▶ [WHAT THIS TASK INVOLVES]: The records that follow need to be printed exactly. Leave out each image.

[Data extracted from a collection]
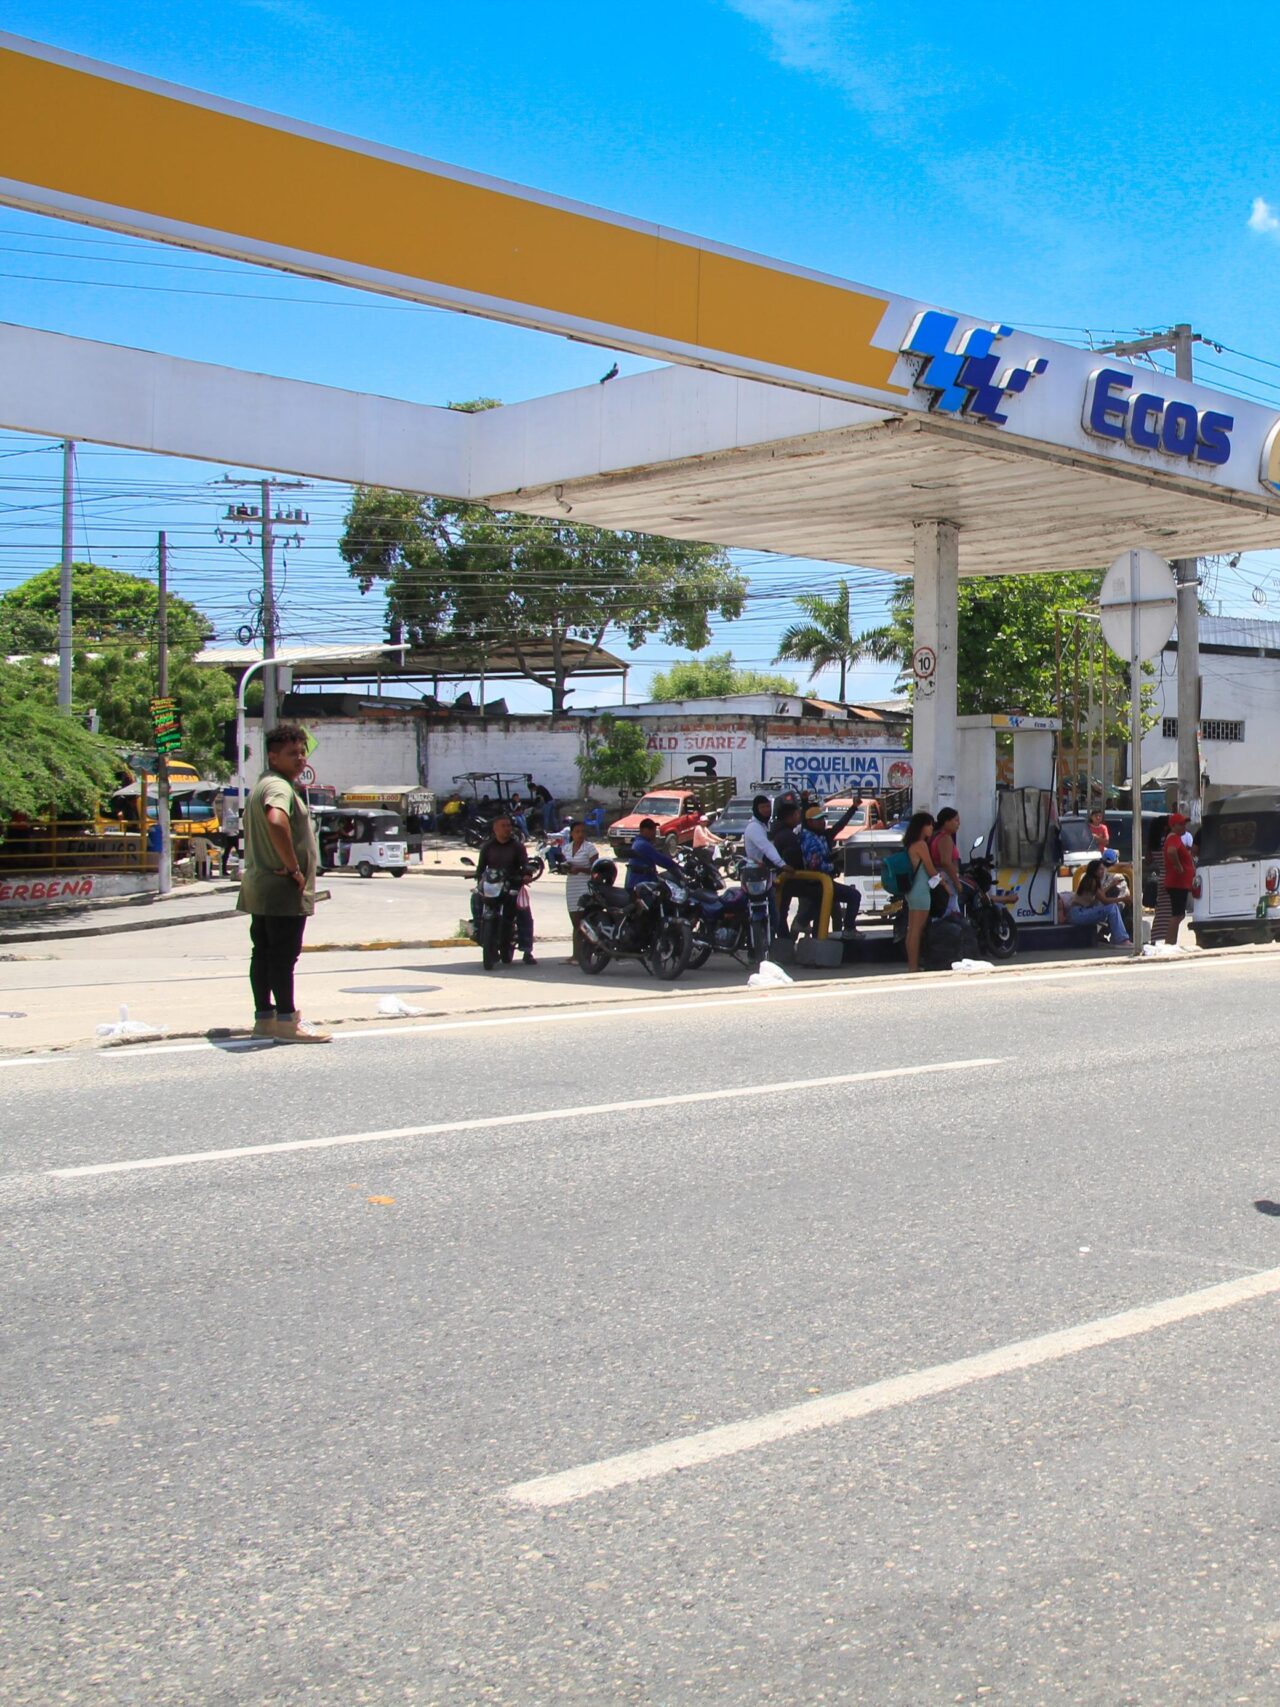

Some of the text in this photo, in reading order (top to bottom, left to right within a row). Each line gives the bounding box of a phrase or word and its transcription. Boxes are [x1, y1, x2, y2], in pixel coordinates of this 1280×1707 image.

[918, 656, 931, 671] 10
[646, 735, 748, 750] ALD SUAREZ
[686, 754, 718, 778] 3
[784, 756, 880, 773] ROQUELINA
[301, 770, 313, 781] 30
[785, 774, 880, 794] BLANCO
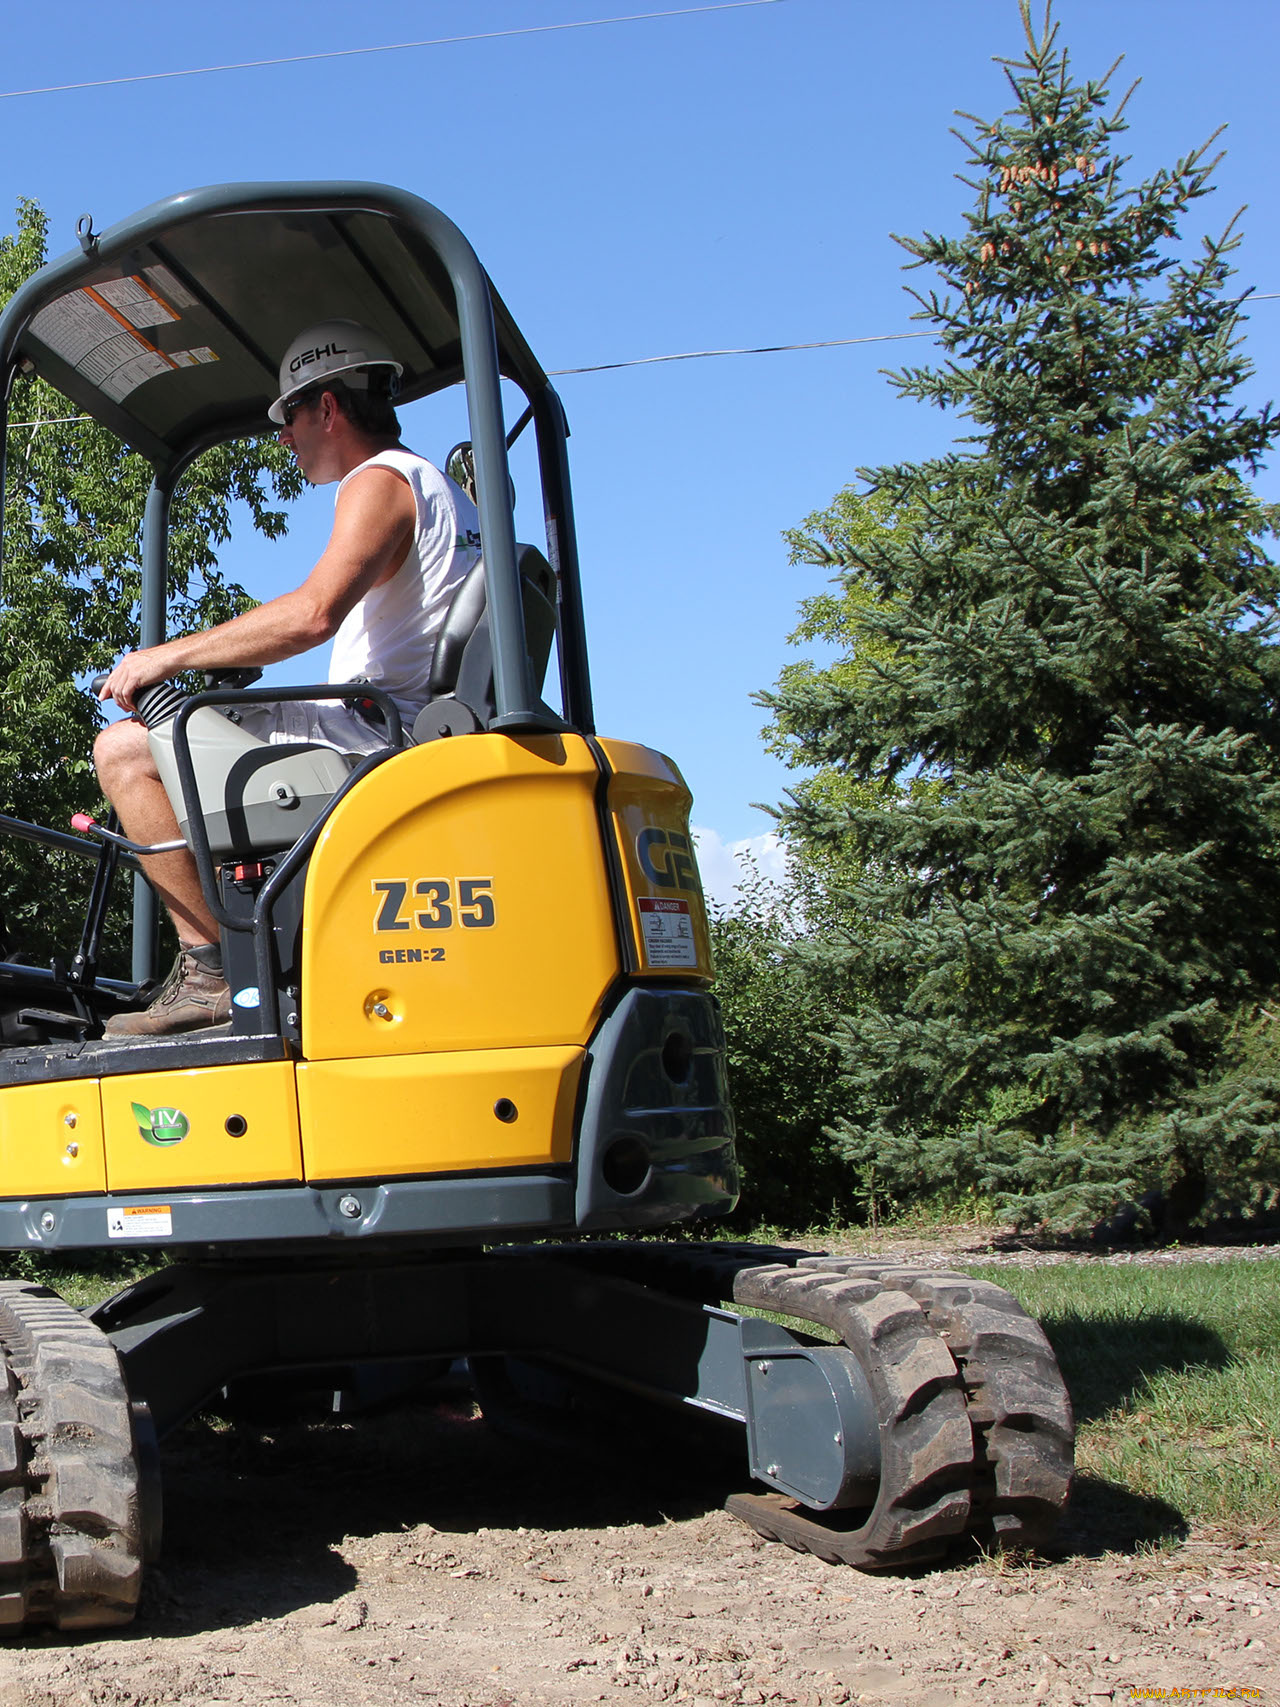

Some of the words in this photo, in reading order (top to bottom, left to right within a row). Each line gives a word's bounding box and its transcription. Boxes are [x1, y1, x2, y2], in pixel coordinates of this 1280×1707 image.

▶ [ANSWER BOX]:
Some of the text in this photo, in reading order (top to bottom, left to right within a row). Each line gives the bounding box of a phrase or word and its transcription. Boxes are [x1, y1, x2, y2], in pixel coordinates of this 1280×1707 image.

[918, 656, 931, 671] 10
[646, 735, 748, 750] ALD SUAREZ
[686, 754, 718, 778] 3
[784, 756, 880, 773] ROQUELINA
[301, 770, 313, 781] 30
[785, 774, 880, 794] BLANCO

Some of the words in this photo, in reading order (top to bottom, left to right within a row). Each line gives a word's bounding box and its transcription. Boxes are [x1, y1, x2, y2], in pixel coordinates of this 1280×1707 image.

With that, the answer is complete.